"I'm going to bed so you can go take this,” Anne said.
I stared down into her pretty gray eyes wanting to tell her that Dane could wait. She kissed me on the cheek and headed upstairs. How was I going to win this woman's heart?
"Thank you, Mr. Joseph." I headed to my office and picked up the phone. "Is something wrong, Dane?"
"No. Nothing’s wrong. I guess I'm calling late. I wanted to invite you over to our place this weekend. We frequently have pool parties for friends and family and people who work for me, as well as people I work with, which includes you."
His invitation shocked me. I knew that my demeanor didn't endear me to people although maybe that was changing. After all, Anne didn’t think I was quite so hideous anymore.
"You can bring a friend if you like. I wasn't sure if you are dating or not. We’ll have plenty of food and drink. I warn you there are children, many of them. But there's also a lot of friendship and a good time too."
"Thank you, Dane. I think I'd like that."
I wondered if Anne would come with me? Deep down I knew she wouldn’t. While Harper didn’t socialize with the same group Dane was a part of, there were people there who knew her. Anne would worry someone would see us together and tell Harper.
The idea that I was still a dirty little secret fucking hurt.
After the call, I decided to do some work since I was in my office and Anne was sleeping. As it neared midnight, I headed upstairs to go to bed.
Laying in my bed, I had a profound sense that something just wasn't right. The problem of course was that I was in my bed alone while I Anne was in hers alone.
Considering the way that we lived our lives during the day, and even parts of the evening when we were making love, it was odd that she wasn't here in my bed with me. Or at least it was odd to me.

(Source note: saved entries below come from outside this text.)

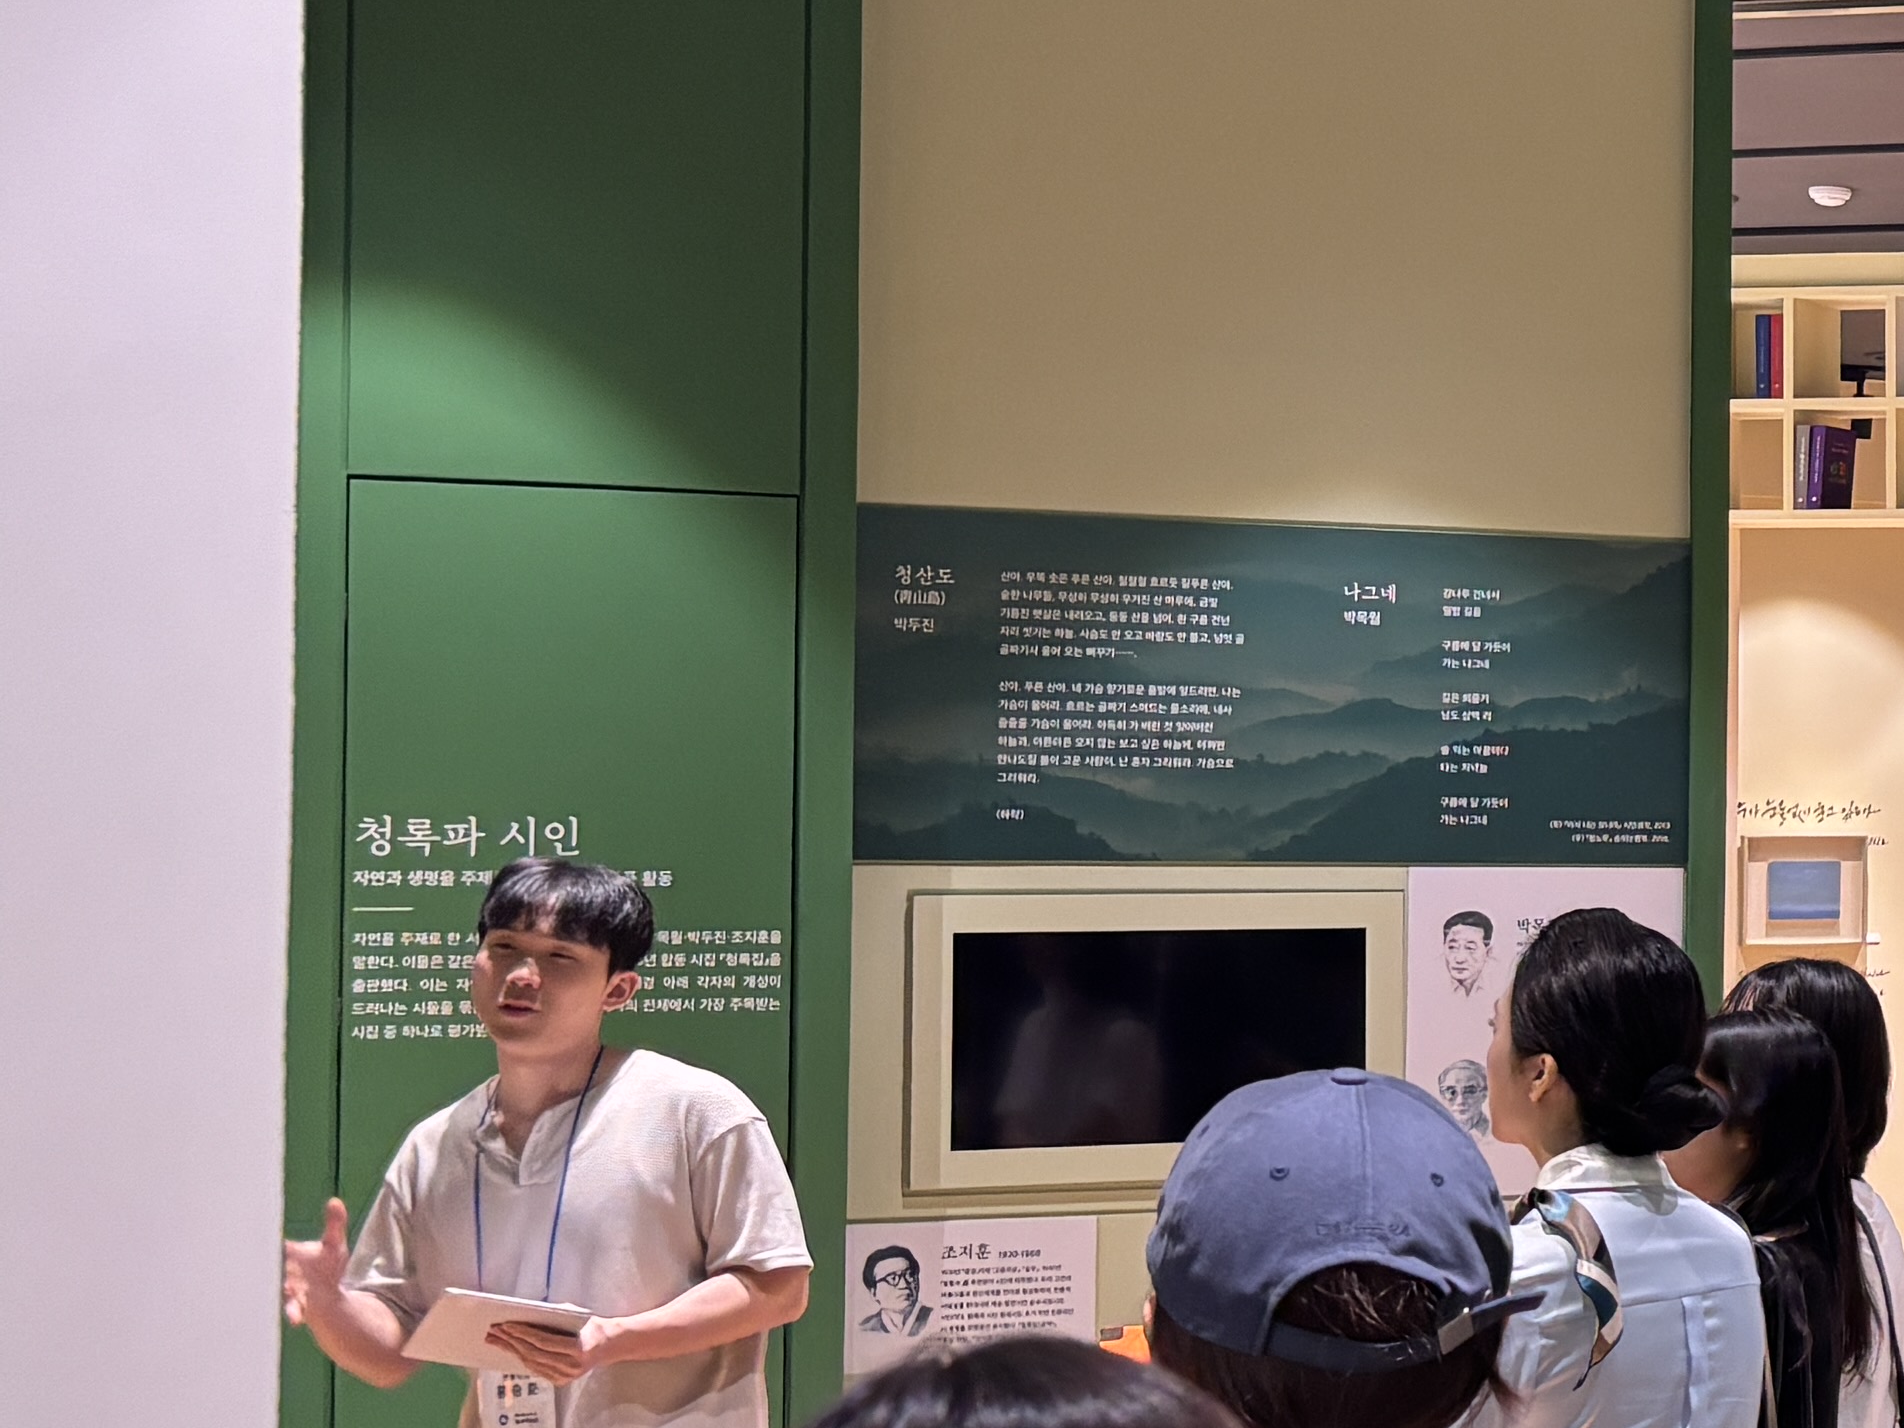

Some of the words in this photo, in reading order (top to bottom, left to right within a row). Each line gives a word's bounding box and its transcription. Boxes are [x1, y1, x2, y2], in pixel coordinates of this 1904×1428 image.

[895, 564, 955, 586] 청산도
[1344, 582, 1398, 603] 나그네
[894, 617, 935, 633] 박두진
[1344, 611, 1381, 626] 박목월
[356, 815, 486, 858] 청록파
[500, 816, 581, 857] 시인
[352, 870, 402, 886] 자연과
[408, 869, 454, 886] 생명을
[642, 870, 673, 887] 활동
[942, 1243, 991, 1260] 조지훈

Maybe she went to her own room on purpose.
And that thought once again had me wondering what Anne’s feelings were towards me. She didn't hate me anymore. In fact, I think maybe she liked me, but perhaps only in a friendly way.
When she touched me, I certainly felt more from her, but that was probably a projection of my own feelings onto her because she never gave any indication that she saw me as someone that she could love. She didn't see the way that we were living our lives under this roof was just like a family.

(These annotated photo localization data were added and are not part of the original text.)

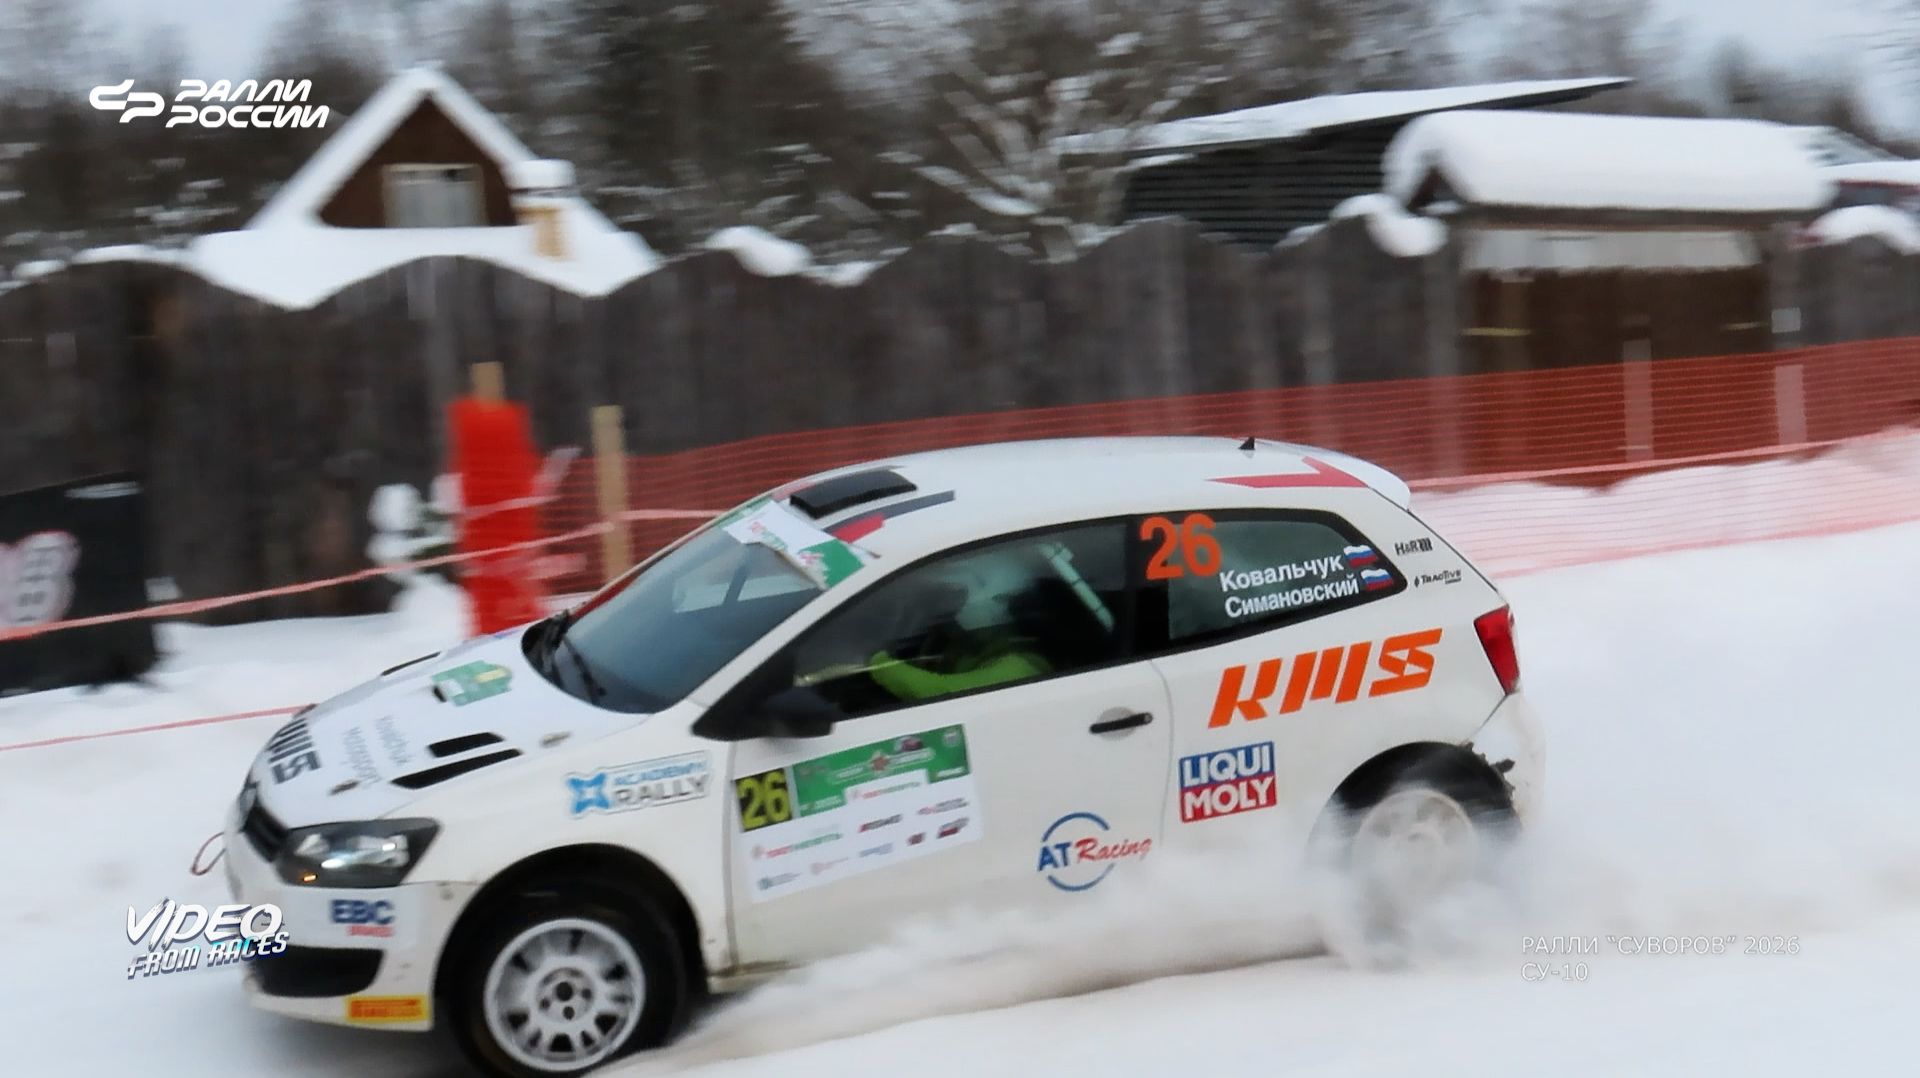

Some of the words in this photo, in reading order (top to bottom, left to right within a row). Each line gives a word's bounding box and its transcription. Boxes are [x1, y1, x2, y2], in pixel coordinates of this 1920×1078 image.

[1140, 513, 1221, 581] 26
[1220, 554, 1344, 593] Ковальчук
[1224, 574, 1360, 619] Симановский
[1208, 628, 1443, 728] KMS
[1182, 744, 1272, 788] LIQUI
[614, 773, 711, 804] RALLY
[736, 770, 793, 831] 26
[1184, 775, 1275, 820] MOLY
[1037, 842, 1073, 872] AT
[1074, 837, 1153, 865] Racing
[332, 900, 395, 924] EBC
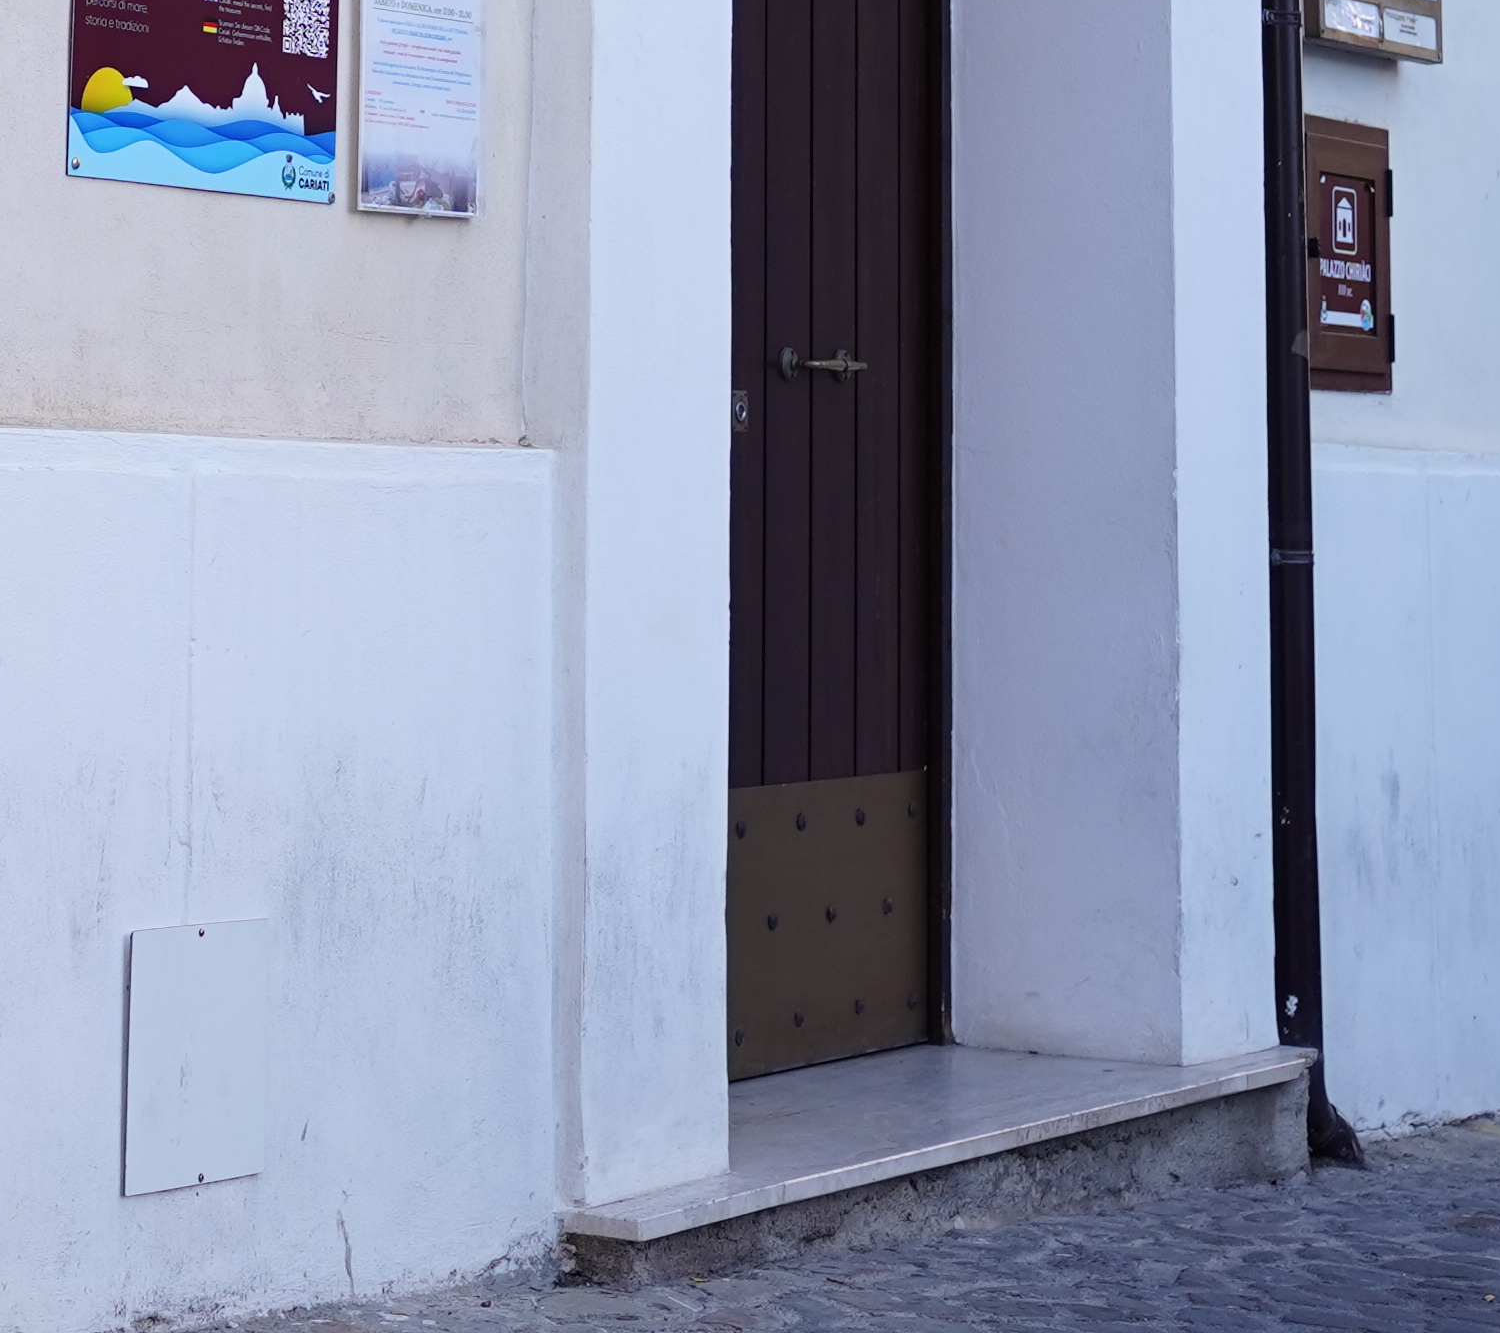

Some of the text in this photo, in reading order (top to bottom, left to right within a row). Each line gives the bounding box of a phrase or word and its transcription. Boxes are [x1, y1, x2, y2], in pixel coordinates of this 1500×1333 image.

[108, 19, 115, 28] e
[298, 178, 330, 191] CARIATI
[1320, 257, 1345, 280] PALAZZO

I hated the unknown. I hated it so much that I was the type of man that would do whatever he could to make the world bend my way. It was the trait that had driven Harper away.
But right now, I was doing exactly what Noel suggested I do, giving Anne space. But she wasn't coming any closer.
Every instinct inside of me said I had to do something proactive to make her understand what we could have together. All sorts of crazy ideas came into my head, including getting us trapped in the mountains in a snowstorm or stranded on a deserted island.
But I knew that the action I needed to take was to tell her that I loved her and that I wanted to keep her and the baby and my life. For some reason that prospect still scared the shit out of me.
I turned to my side, punched my pillow in frustration, and closed my eyes, willing sleep to come. On my bedside table, my phone vibrated. I reached over wondering who the hell would be contacting me after midnight.
I'm still pissed at you but I saw something today that made me think of you.
Harper. Holy shit, Harper was texting me.
Her text was followed by an image of a dog wearing a bow tie and looking a bit constipated. I let out a laugh knowing that she thought that the dog looked like me. I sent her a laughing my ass off emoji.
I'm happy to hear that you still think of me. I think of you often, Harper. I miss you.
I waited, and waited, and waited, but she didn't respond. I sighed, sitting my phone on the nightstand. I grabbed on to the fact that she had finally reached out even if just to poke at me.
That was a start, right?
As I waited for sleep to come, I got this crazy idea that perhaps I could have everything I wanted after all. Maybe Harper and I could reconcile and, she, Anne, the baby and me, we could be a family.
Of course, it was a crazy thought because Anne was too concerned about Harper finding out about the surrogacy and our current situation.
As unreasonable as I thought Harper could be, surely she cared about me and Anne enough to want our happiness. Certainly, she could see that our family would grow. It wouldn't just be me and her against the world as it had been the day our parents died.
I knew tomorrow that I would think my idea of a family utopia with Harper and Anne and our baby was idiocy, but tonight I wrapped myself in the idea like a comforting blanket, closed my eyes, and fell asleep.